*** Opening Given information ***
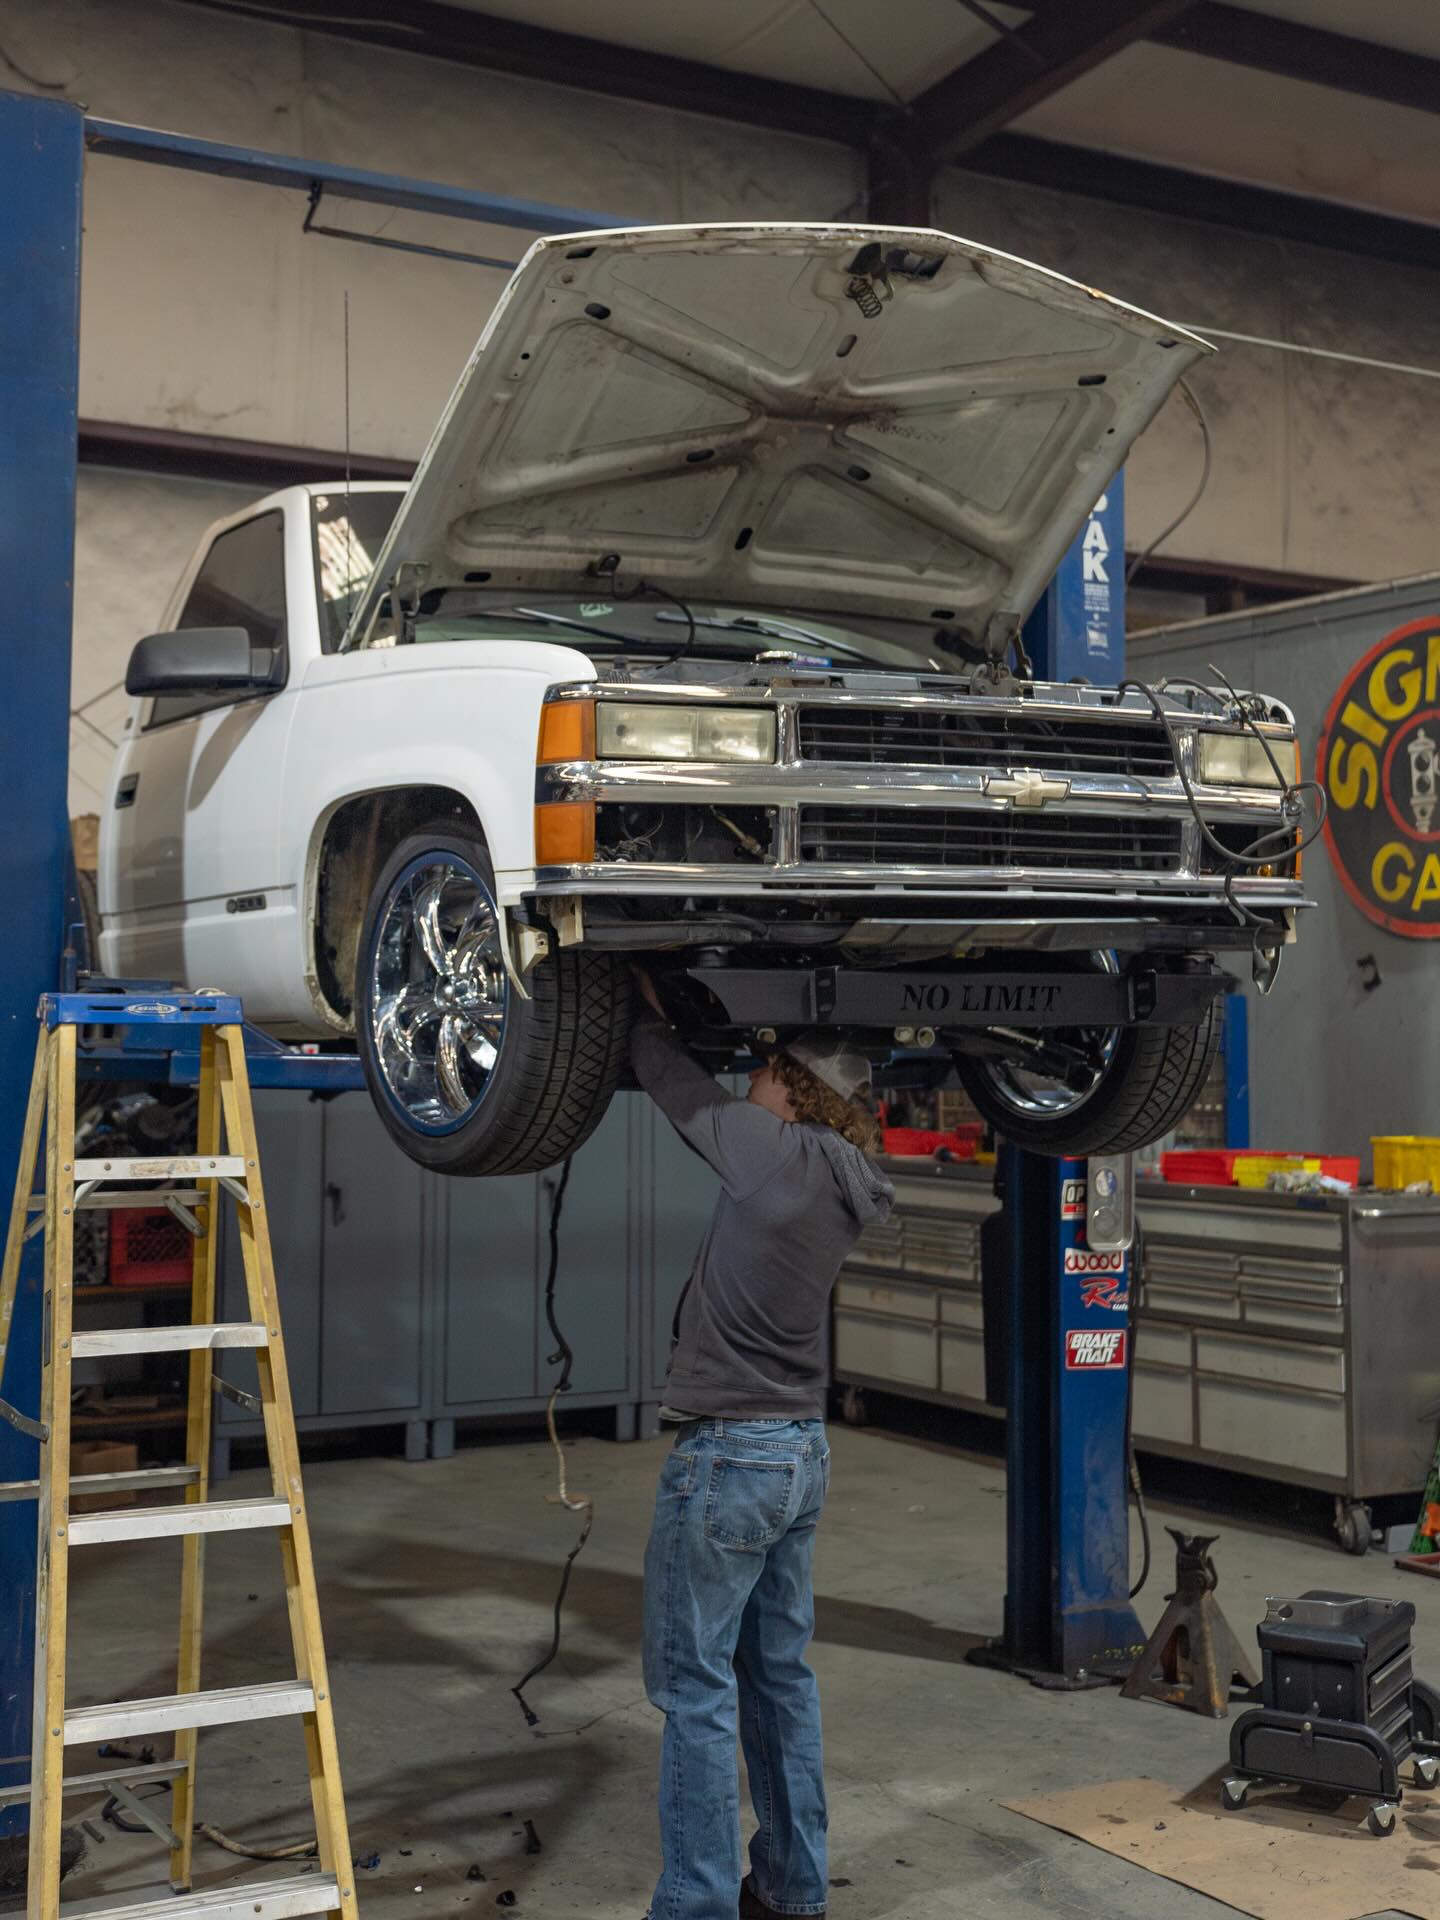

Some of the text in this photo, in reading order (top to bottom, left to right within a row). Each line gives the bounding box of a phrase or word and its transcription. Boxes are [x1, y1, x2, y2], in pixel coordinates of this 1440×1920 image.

[901, 984, 1061, 1012] NO LIMIT
[1070, 1333, 1121, 1349] BRAKE
[1074, 1348, 1114, 1364] MAN
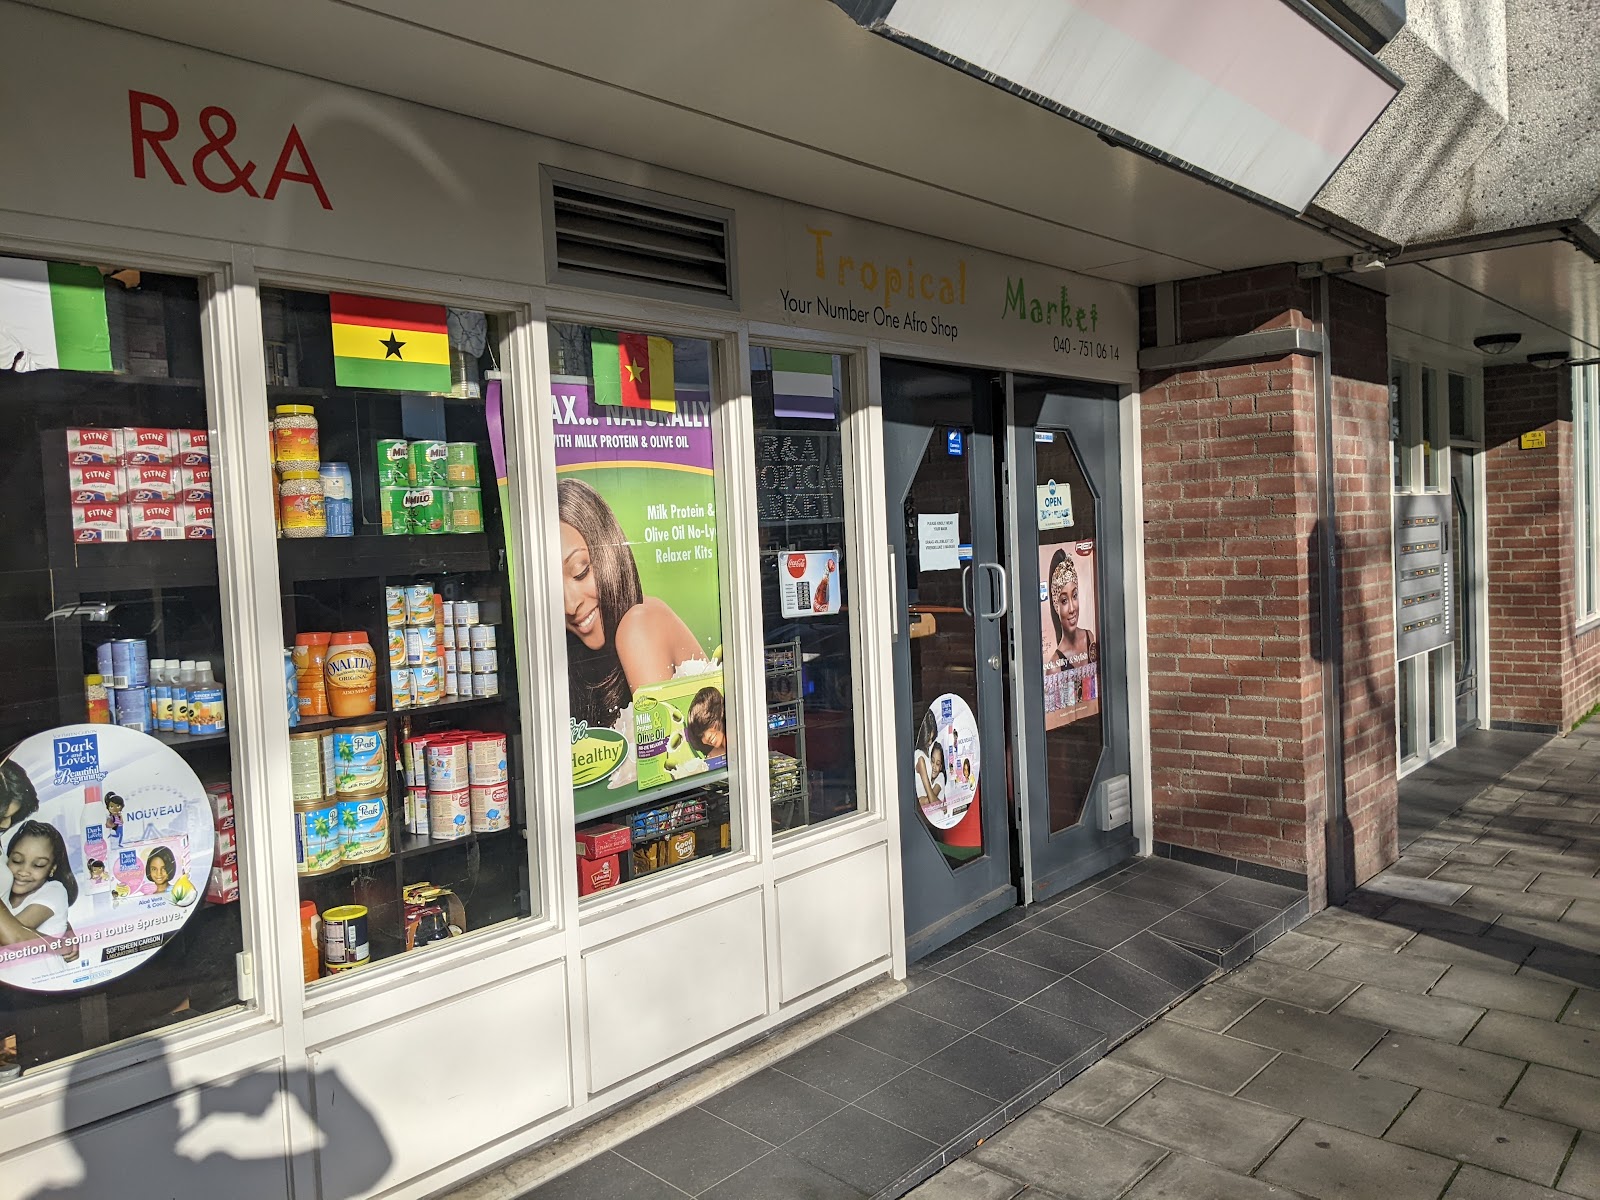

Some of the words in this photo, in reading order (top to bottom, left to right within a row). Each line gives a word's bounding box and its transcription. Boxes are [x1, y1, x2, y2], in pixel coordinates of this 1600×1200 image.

[128, 89, 334, 211] R&A
[806, 223, 966, 310] Tropical
[1001, 276, 1098, 333] Market
[780, 288, 812, 315] Your
[817, 296, 869, 324] Number
[873, 306, 900, 329] One
[903, 311, 928, 334] Afro
[931, 315, 958, 342] Shop
[1053, 335, 1071, 354] 040
[1079, 340, 1093, 358] 751
[1096, 342, 1107, 359] 06
[1110, 344, 1120, 361] 14
[575, 434, 598, 448] MILK
[600, 434, 639, 448] PROTEIN
[641, 435, 648, 448] &
[650, 435, 673, 448] OLIVE
[676, 436, 689, 448] OIL
[392, 447, 408, 457] MIL
[430, 449, 446, 457] MIL
[1045, 497, 1062, 507] OPEN
[647, 504, 668, 520] Milk
[670, 504, 704, 519] Protein
[707, 502, 715, 517] &
[644, 525, 670, 542] Olive
[671, 524, 685, 540] Oil
[687, 523, 717, 541] No-Ly
[655, 547, 692, 563] Relaxer
[694, 545, 713, 559] Kits
[338, 674, 368, 682] ORIGINAL
[636, 713, 652, 726] Milk
[637, 732, 655, 744] Olive
[655, 727, 665, 740] Oil
[57, 738, 94, 754] Dark
[354, 738, 375, 750] Peak
[127, 803, 183, 822] NOUVEAU
[358, 805, 378, 816] Peak
[675, 837, 693, 850] Good
[678, 844, 693, 857] Day
[50, 938, 63, 950] et
[65, 933, 92, 947] soin
[94, 929, 102, 940] à
[104, 922, 135, 938] toute
[138, 935, 161, 946] CARSON
*** Closing Given information ***
Could you transcribe the records above exactly, leaving out any pictures?

Some of the text in this photo, in reading order (top to bottom, left to right within a row). Each line gives the bounding box of a phrase or word and its transcription. Boxes are [x1, y1, x2, y2], in pixel coordinates of this 1440×1920 image.

[901, 984, 1061, 1012] NO LIMIT
[1070, 1333, 1121, 1349] BRAKE
[1074, 1348, 1114, 1364] MAN

Some of the words in this photo, in reading order (top to bottom, left to right within a row). Each line gives a word's bounding box and its transcription. Boxes are [x1, y1, x2, y2], in pixel coordinates of this 1600×1200 image.

[128, 89, 334, 211] R&A
[806, 223, 966, 310] Tropical
[1001, 276, 1098, 333] Market
[780, 288, 812, 315] Your
[817, 296, 869, 324] Number
[873, 306, 900, 329] One
[903, 311, 928, 334] Afro
[931, 315, 958, 342] Shop
[1053, 335, 1071, 354] 040
[1079, 340, 1093, 358] 751
[1096, 342, 1107, 359] 06
[1110, 344, 1120, 361] 14
[575, 434, 598, 448] MILK
[600, 434, 639, 448] PROTEIN
[641, 435, 648, 448] &
[650, 435, 673, 448] OLIVE
[676, 436, 689, 448] OIL
[392, 447, 408, 457] MIL
[430, 449, 446, 457] MIL
[1045, 497, 1062, 507] OPEN
[647, 504, 668, 520] Milk
[670, 504, 704, 519] Protein
[707, 502, 715, 517] &
[644, 525, 670, 542] Olive
[671, 524, 685, 540] Oil
[687, 523, 717, 541] No-Ly
[655, 547, 692, 563] Relaxer
[694, 545, 713, 559] Kits
[338, 674, 368, 682] ORIGINAL
[636, 713, 652, 726] Milk
[637, 732, 655, 744] Olive
[655, 727, 665, 740] Oil
[57, 738, 94, 754] Dark
[354, 738, 375, 750] Peak
[127, 803, 183, 822] NOUVEAU
[358, 805, 378, 816] Peak
[675, 837, 693, 850] Good
[678, 844, 693, 857] Day
[50, 938, 63, 950] et
[65, 933, 92, 947] soin
[94, 929, 102, 940] à
[104, 922, 135, 938] toute
[138, 935, 161, 946] CARSON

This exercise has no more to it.